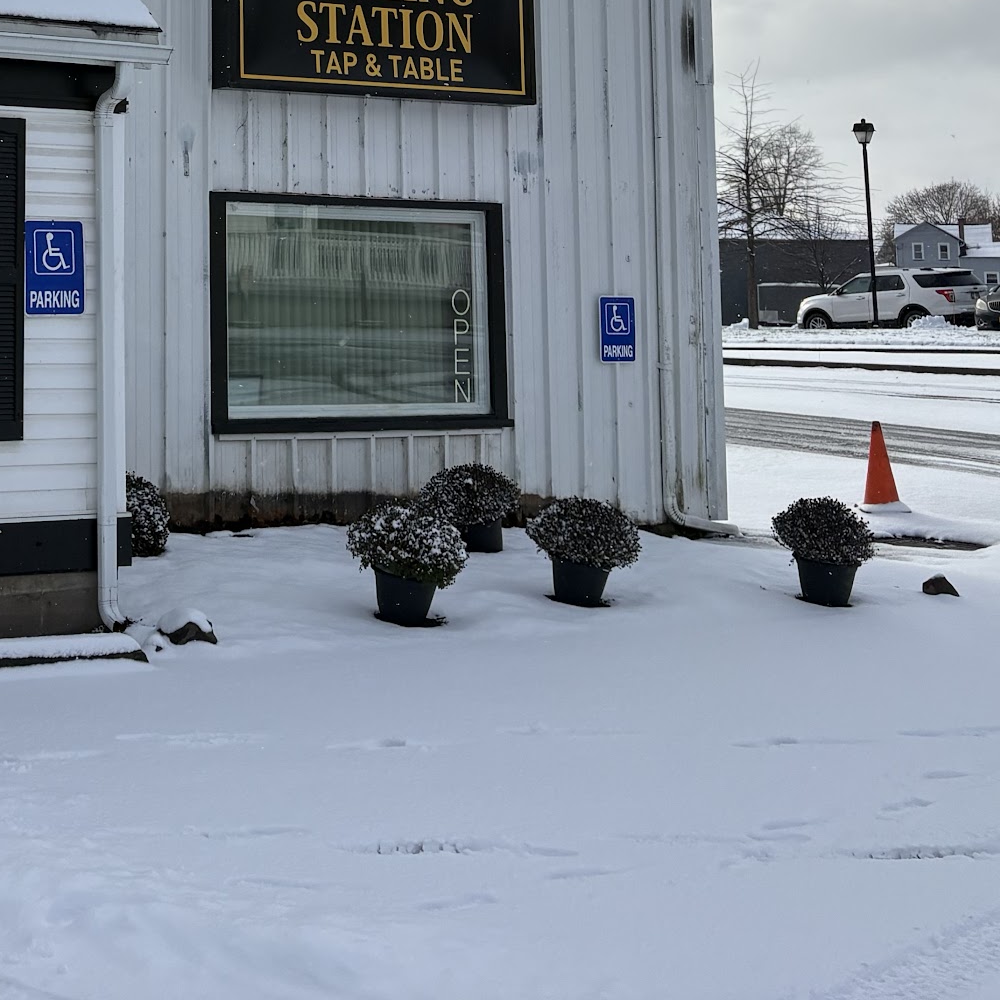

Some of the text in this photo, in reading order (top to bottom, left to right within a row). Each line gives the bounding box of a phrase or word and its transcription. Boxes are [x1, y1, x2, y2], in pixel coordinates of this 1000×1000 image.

[296, 1, 473, 54] STATION
[310, 49, 464, 82] TAP & TABLE
[29, 290, 80, 309] PARKING
[451, 289, 471, 403] OPEN
[603, 344, 634, 358] PARKING

****

[What the exercise asks] An exact copy of every entry, without pictures, should be your output.

[Output for this exercise]
Some of the text in this photo, in reading order (top to bottom, left to right within a row). Each line gives the bounding box of a phrase or word and its transcription. Boxes are [x1, y1, x2, y2], in pixel coordinates of this 1000×1000 image.

[296, 1, 473, 54] STATION
[310, 49, 464, 82] TAP & TABLE
[29, 290, 80, 309] PARKING
[451, 289, 471, 403] OPEN
[603, 344, 634, 358] PARKING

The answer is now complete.